Elle investit le territoire littéraire avec ses convictions, partageant ses positions antiapartheid, anticolonialistes et féministes. Nous nous disons libres mais la vérité c’est qu’ils ont des érections avec des femmes dont ils se moquent éperdument, alors que nous n’avons d’orgasme que si nous les aimons. Qu’y a-t-il de libre à cela? – Le carnet d’or

Doris Lessing ne faisait pas dans la demi-mesure et avait son franc-parler. Lorsqu’on lui décerna le Nobel à l’âge de 88 ans, elle déclara : « Ils ont pensé, là-bas, les Suédois: celle-là a dépassé la date de péremption, et elle n’en a plus pour longtemps. Allez, on peut le lui donner! » Bien qu’elle accepta ce prix, – elle refusa d’être anoblie par la reine – elle avouera quelque temps plus tard que recevoir ce prix était en fait une « catastrophe : tout ce que je fais, c’est donner des interviews et me faire prendre en photo ».

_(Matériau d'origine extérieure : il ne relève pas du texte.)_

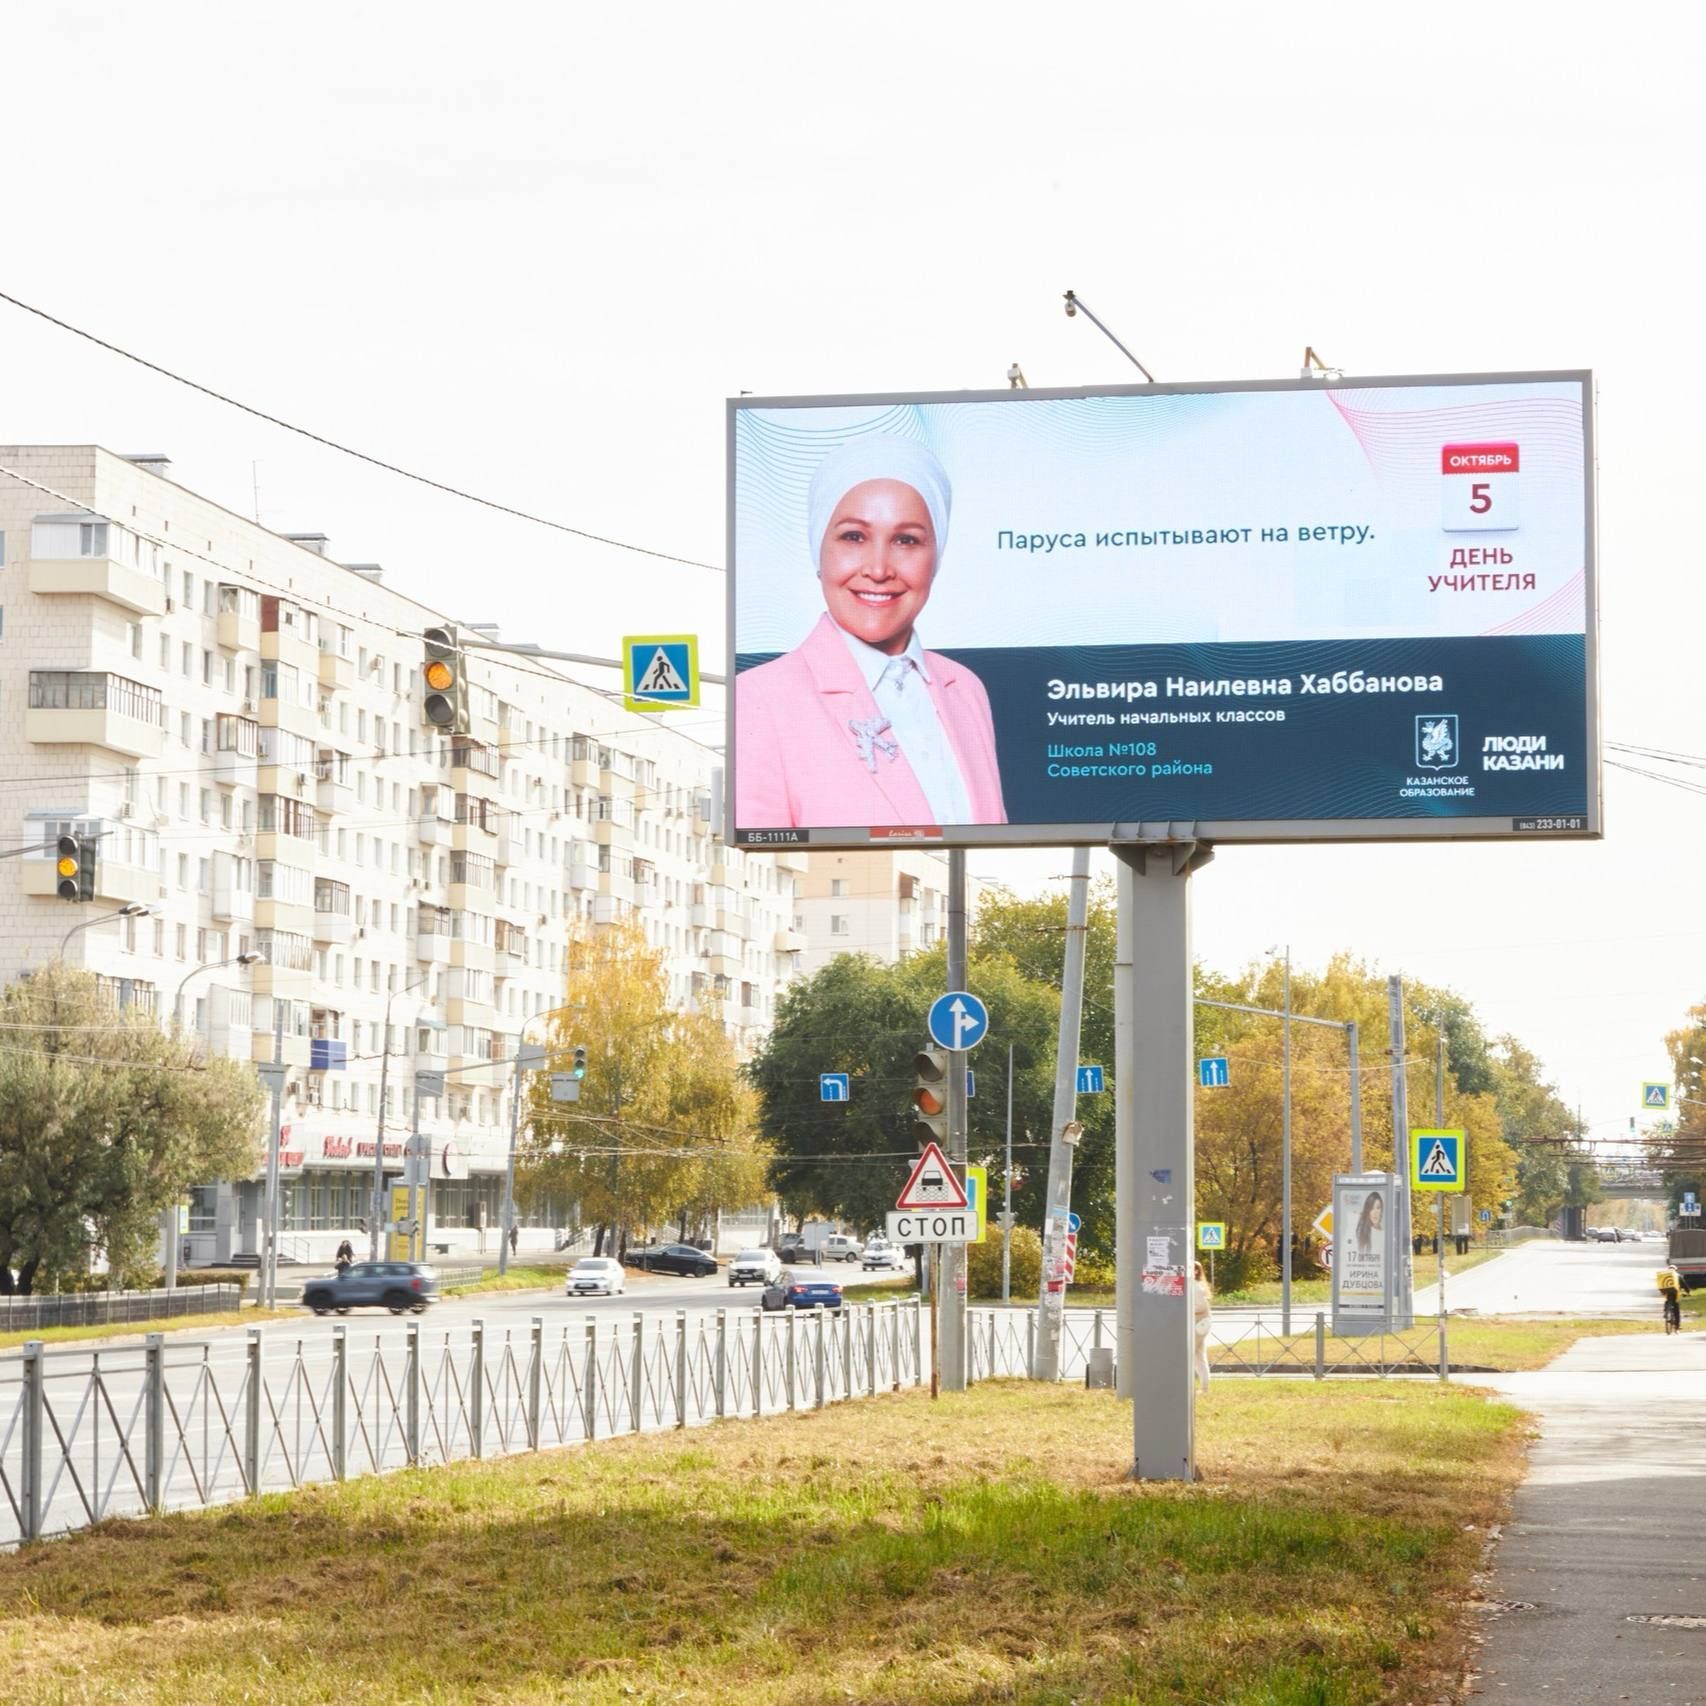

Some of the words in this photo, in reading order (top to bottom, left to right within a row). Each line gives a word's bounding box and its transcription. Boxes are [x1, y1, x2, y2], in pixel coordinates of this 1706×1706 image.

Comme toute plume bien trempée, Doris Lessing n’empêche pas les contradictions. Figure emblématique de l’émancipation des femmes, avec notamment Le carnet d’or, elle dira en 2001 que les femmes sont devenues « horribles avec les hommes (……) constamment humiliés et insultés par des femmes stupides, ignorantes et méchantes ». Sur le sujet de la maternité, elle déclara : « Il n’y a rien de plus ennuyeux pour une femme intelligente que de perdre un temps infini avec des enfants en bas âge. J’aurais fini en alcoolique ou en intellectuelle frustrée comme ma mère », en même temps qu’elle affirma que d’élever un enfant l’a sauvée, lui évitant de dériver dans une vie anarchique.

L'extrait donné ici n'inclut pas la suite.